Cinque anni fa ci lasciava Benito Paolone, mille battaglie e una bandiera
Cinque anni fa ci lasciava nella sua Catania Benito Paolone, storico protagonista della destra siciliana e nazionale nonché dello sport etneo. Lui era nato a Campobasso nel 1933, il padre era un funzionario delle dogane croate assassinato dai partigiani titini nelle foibe. Paolone giovanissimo si trasferì a Catania, che sarebbe divenuta a tutti gli effetti la “sua” città”, entrando subito nella Giovane Italia, l’organizzazione giovanile del Movimento Sociale Italiano e diventandone dirigente. Nei primi anni Sessanta inizio la sua irresistibile ascesa politica: fu eletto consigliere comunale di Catania per il Msi, e poi nel 1971 all’Assemblea regionale siciliana, dove fu riconfermato per ben quattro legislature. Cioè fino a quando, nel 1994, si dimise per centrare alla Camera con Alleanza nazionale, dove rimase per tre legislature. Ma la sua grande passione, oltre alla politica, era lo sport, e in particolare il rugby: fu tra i fondatori della Amatori Catania, di cui fu sempre la bandiera e l’animatore. Qualcuno ha scritto che la vita di Paolone era sempre di corsa, divisa tra mille impegni e mille battaglie: politiche, sportive, locali, nazionali, sempre pronto a dare tutto di sé alle sue passioni ma soprattutto alla sua gente. Lui ha il grande merito di aver tolto dalla strada migliaia di bambini dei quartieri popolari di Catania per indirizzarli verso lo sport, verso i valori della competizione e dell’onestà. Per questo il campo di rugby è stato intitolato a suo nome pochi anni fa.
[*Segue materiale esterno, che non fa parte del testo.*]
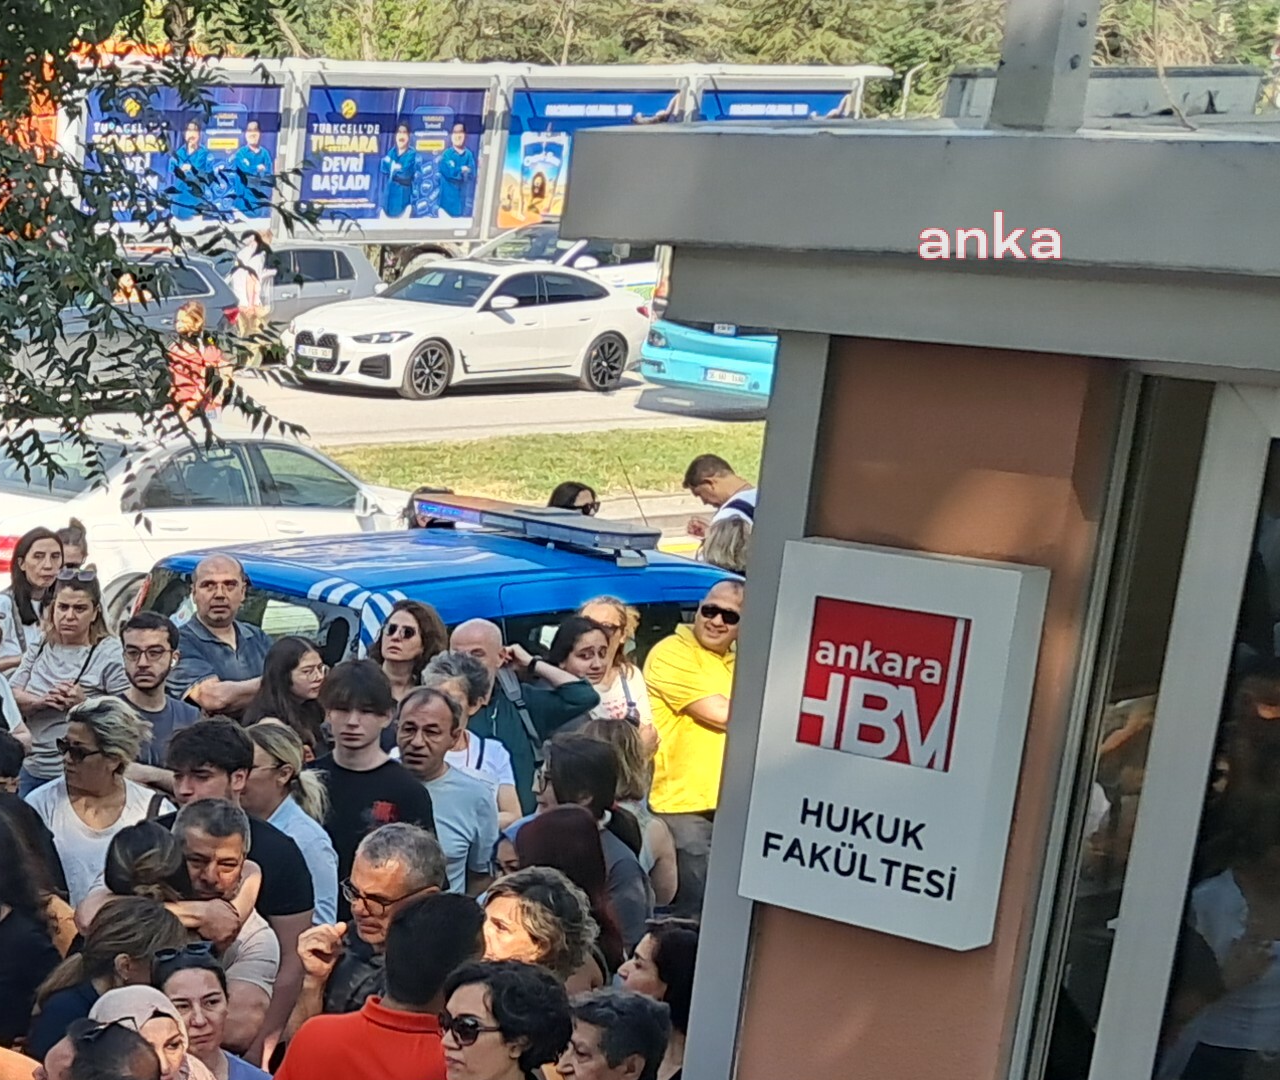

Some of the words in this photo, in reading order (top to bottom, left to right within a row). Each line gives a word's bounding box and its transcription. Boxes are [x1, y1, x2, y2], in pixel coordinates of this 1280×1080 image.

[311, 174, 370, 195] BAŞLADI
[322, 153, 364, 172] DEVRİ
[814, 639, 943, 685] ankara
[798, 672, 952, 772] HBV
[800, 797, 927, 851] HUKUK
[762, 831, 958, 901] FAKÜLTESİ
Berlusconi definì Paolone un combattente nello sport e nella politica
Quando stava male, Silvio Berlusconi, da cui era legato da profonda amicizia e stima, lo venne a trovare, e lo definì «un grande combattente sia nella politica che nello sport». A Berlusconi è legato un episodio che la dice lunga sul carattere di quello che era Benito Paolone. Nel 2006, quando Alleanza nazionale non lo ricandidò, Berlusconi, che ben conosceva le doti e le qualità di Paolone, gli propose di candidarsi con il Pdl, ma Paolone, rifiutò: «Non posso cambiare bandiera», rispose, rivelandosi ancora una volta l’uomo tutto di un pezzo che era, coerente, onesto, rigoroso. Tra l’altro, quella volta Berlusconi perse le elezioni per meno di 40mila voti: chissà se l’apporto di Paolone glieli avrebbe portati… Era di quelli che non cambiano bandiera, per quanti torti avessero ricevuto, per questo migliaia di catanesi andarono a salutarlo per l’ultima volta nella camera ardente allestita a Palazzo dell’Elefante, e per questo migliaia e migliaia di cittadini italiani erano ai suoi funerali al Duomo della città etnea. Nell’apprendere della sua morte, avvenuta a 78 anni, tutti gli esponenti politici siciliani, nessuno escluso, ne lodarono la dirittura morale, riconoscendone l’impegno in favore della città e soprattutto la sua attenzione per le fasce più deboli e bisognose. Come disse l’allora sindaco Stancanelli, quella di Paolone fu «una vita spesa per gli altri». Per lui, tuttavia, il confronto politico era come una partita di rugby, dura ma leale sino alla fine. E dopo si doveva concedere all’avversario l’onore delle armi.